Cognitive Learning || Learning and Memory || Bcis Notes

Cognitive Learning || Learning and Memory || Bcis Notes

Cognitive Learning:

Cognitive learning focuses on the role of perception and understanding play in a more complex form of learning. The psychological result of perception and learning and reasoning. S-R associations can only explain simple forms of learning and not complex forms of learning.

This group is supported by:

1. Cognitive Map: Tolman’s Sign Learning

2. Bandura’s Observational Learning

3. Kohler’s Insight Learning

Cognitive Map: Tolman’s Sign Learning

  • Tolman believed individuals do more than merely respond to stimuli.
  • According to Tolman reinforcement was not necessary for learning to occur.
  • He coined the term – Cognitive Map. Cognitive Map is an internal representation of external environmental features.
  • Individual acquire a large number of signals from the environment which he could use to make a mental image or cognitive map to get the goal.
  • He worked on latent learning, defined as learning which is not apparent in the learner’s behavior at the time of learning, but which manifest later when a suitable motivation and circumstances appear.
  • For example, Tolman conducted a research study using rats and determined that rats use cognitive maps to find where rewards in a maze are located.
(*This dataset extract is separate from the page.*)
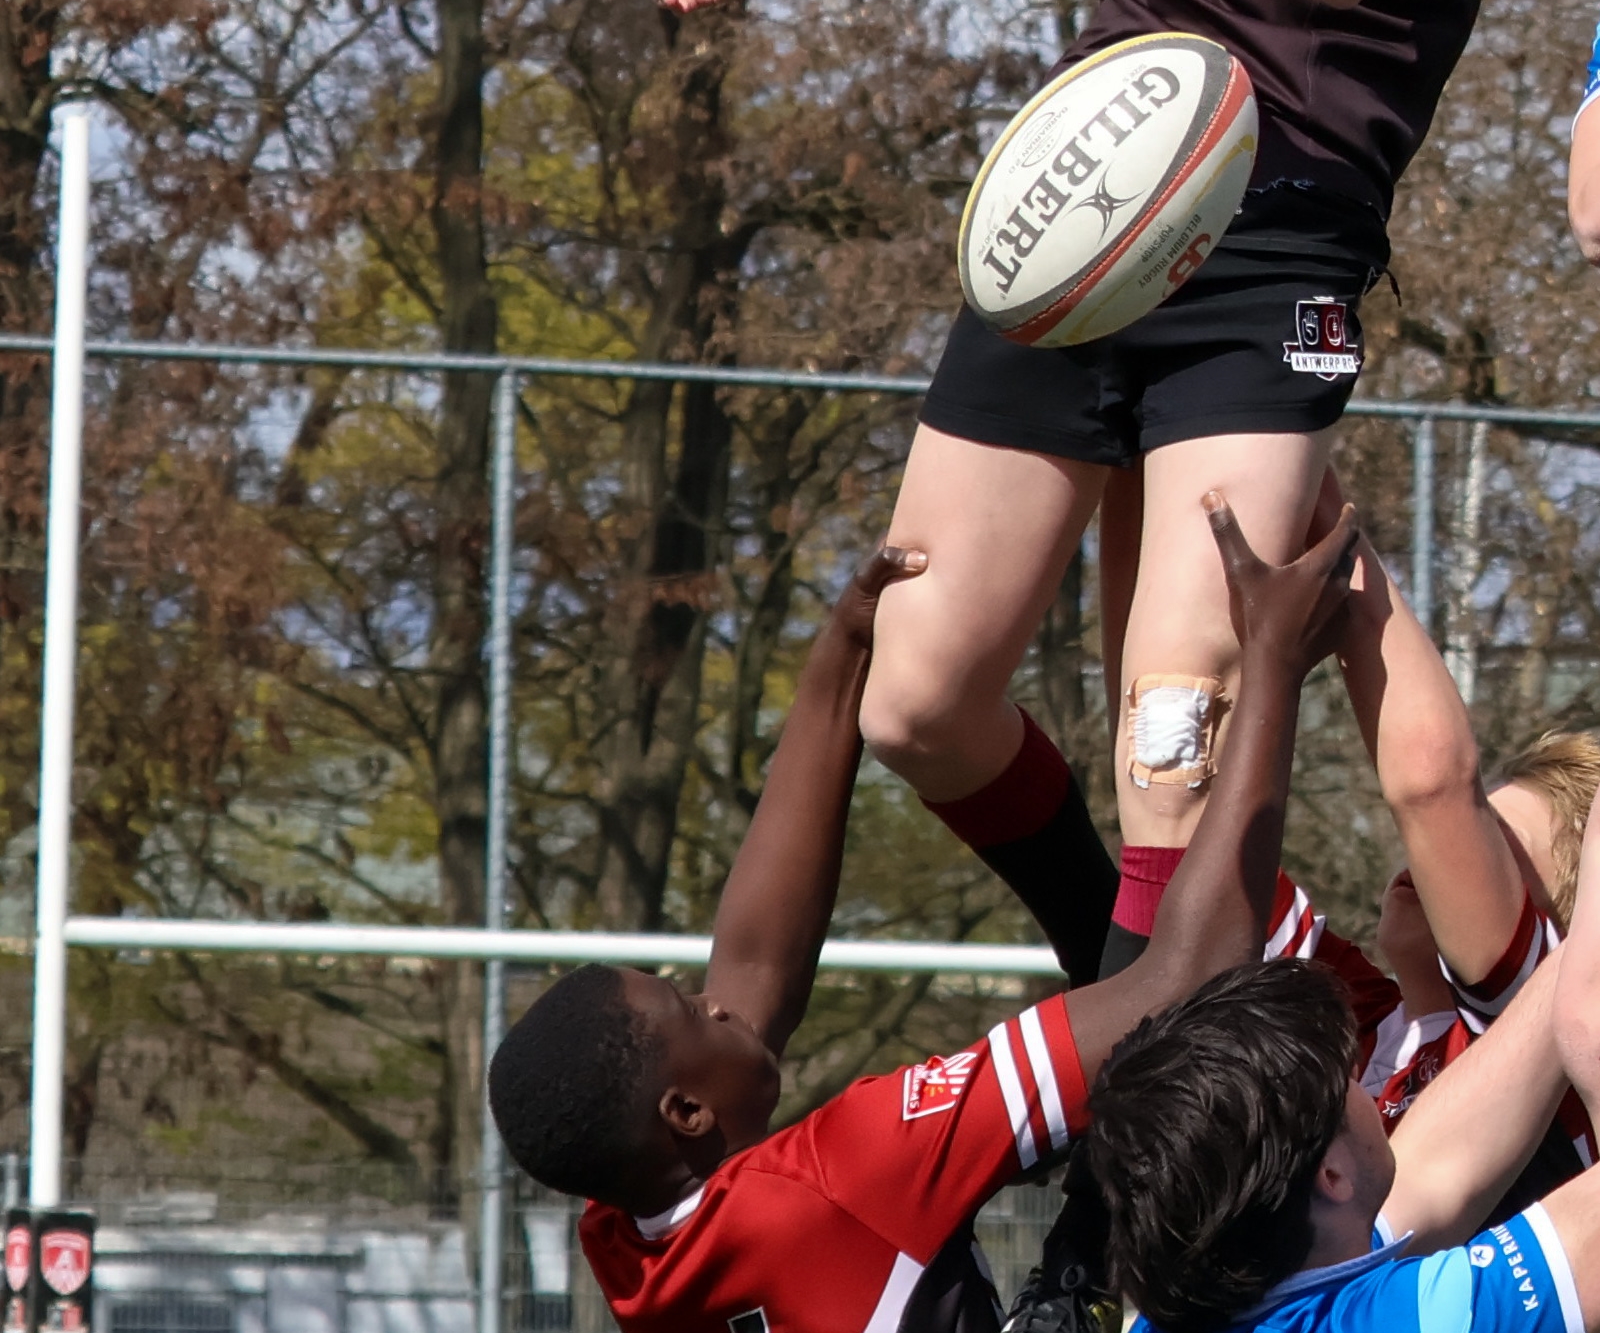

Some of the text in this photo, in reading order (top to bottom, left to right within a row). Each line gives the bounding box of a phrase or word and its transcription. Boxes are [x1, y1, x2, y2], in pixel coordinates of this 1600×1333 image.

Bandura’s Observation Learning:

  • Social Learning Theory, also known as social learning, imitational learning, and social cognition theory, was developed by Stand ford University Psychologist Albert Bandura.
  • Learning through observation of other’s behavior.
  • Learning through indirect experience.
  • Observation or vicarious(secondary) learning

Bandura’s experiment:

Bandura’s “ Bobo Doll” experiment is one of the popular experiments by Bandura and his colleagues Ross & Ross at 1963. This research shows that whether children learn aggressive behaviors by observing the actions of others. Social learning stresses reinforcement facilitates the learning process but is not necessary for learning to occur.
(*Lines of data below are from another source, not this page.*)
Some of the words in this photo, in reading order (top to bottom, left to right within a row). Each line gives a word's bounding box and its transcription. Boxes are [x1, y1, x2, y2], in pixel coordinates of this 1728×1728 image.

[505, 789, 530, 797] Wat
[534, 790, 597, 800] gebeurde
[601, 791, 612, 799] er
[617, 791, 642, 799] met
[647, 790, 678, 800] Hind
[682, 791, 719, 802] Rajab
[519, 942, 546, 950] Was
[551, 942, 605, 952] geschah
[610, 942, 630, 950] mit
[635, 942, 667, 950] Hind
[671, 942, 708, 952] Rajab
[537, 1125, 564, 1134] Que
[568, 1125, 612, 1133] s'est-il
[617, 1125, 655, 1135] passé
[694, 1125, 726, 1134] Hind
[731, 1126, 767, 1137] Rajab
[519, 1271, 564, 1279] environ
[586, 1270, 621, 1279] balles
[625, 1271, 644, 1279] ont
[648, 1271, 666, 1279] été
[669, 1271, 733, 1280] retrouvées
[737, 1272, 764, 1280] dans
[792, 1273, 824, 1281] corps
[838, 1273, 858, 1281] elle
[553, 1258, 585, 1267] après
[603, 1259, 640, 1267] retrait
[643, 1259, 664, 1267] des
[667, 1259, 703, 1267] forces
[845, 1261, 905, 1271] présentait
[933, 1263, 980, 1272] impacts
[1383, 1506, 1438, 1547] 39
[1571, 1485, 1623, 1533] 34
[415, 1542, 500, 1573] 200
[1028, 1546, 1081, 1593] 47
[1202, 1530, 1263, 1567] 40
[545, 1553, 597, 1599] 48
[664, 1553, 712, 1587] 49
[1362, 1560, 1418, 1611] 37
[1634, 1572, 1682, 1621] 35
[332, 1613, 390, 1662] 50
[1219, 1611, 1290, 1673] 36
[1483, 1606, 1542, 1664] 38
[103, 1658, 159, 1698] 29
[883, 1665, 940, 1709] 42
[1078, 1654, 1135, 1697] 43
Process in observation Learning are as follows:

  1. Attention process ( pays attention to the model’s behavior)- Attention to and perceiving the behavior.
  2. Retention process (long-term retention)-Remembering the behavior.
  3. Motor reproduction process (Performs)- Converting the memory into action.
  4. Motivational process ( Pleasure or pain, pressures to retain it)- Reinforcement of the imitated behavior.

Vicarious Rewards or Reinforcement:

  • Vicarious Rewards: When an observer increases a type of behavior for which they have seen others being reinforced. E. g. Individuals desire to be a pop star- Pop star earns name and fame in a short time.
  • It depends upon the reinforce whether it serves as a reward or punishment.
    E.g. Nepalese staying abroad – suffered more problems.

Kohler’s Insight Learning:

  • It is the process of higher learning or problem solving through intelligence and cognitive abilities.
  • Work of German Psychologist Wolf Gang Kohler.
  • In the 1920s Kohler was studying the behavior of Apes.
  • He designed some simple experiments that led to the development of one of the first cognitive theories of learning, which he called insight learning.
  • In insight learning the perceptual stimuli are restructured in different ways and rely on cognitive processes.
  • It is the “Aha” or “I’ve got it” experience.

Characteristics of Kohler’s Insight Learning:

  • Insight leads to a change in perception.
  • Insight is sudden.
  • Understanding plays an important role in insight learning.
  • Age influences insight learning.
  • Experience and perceptual organization are important in insight learning.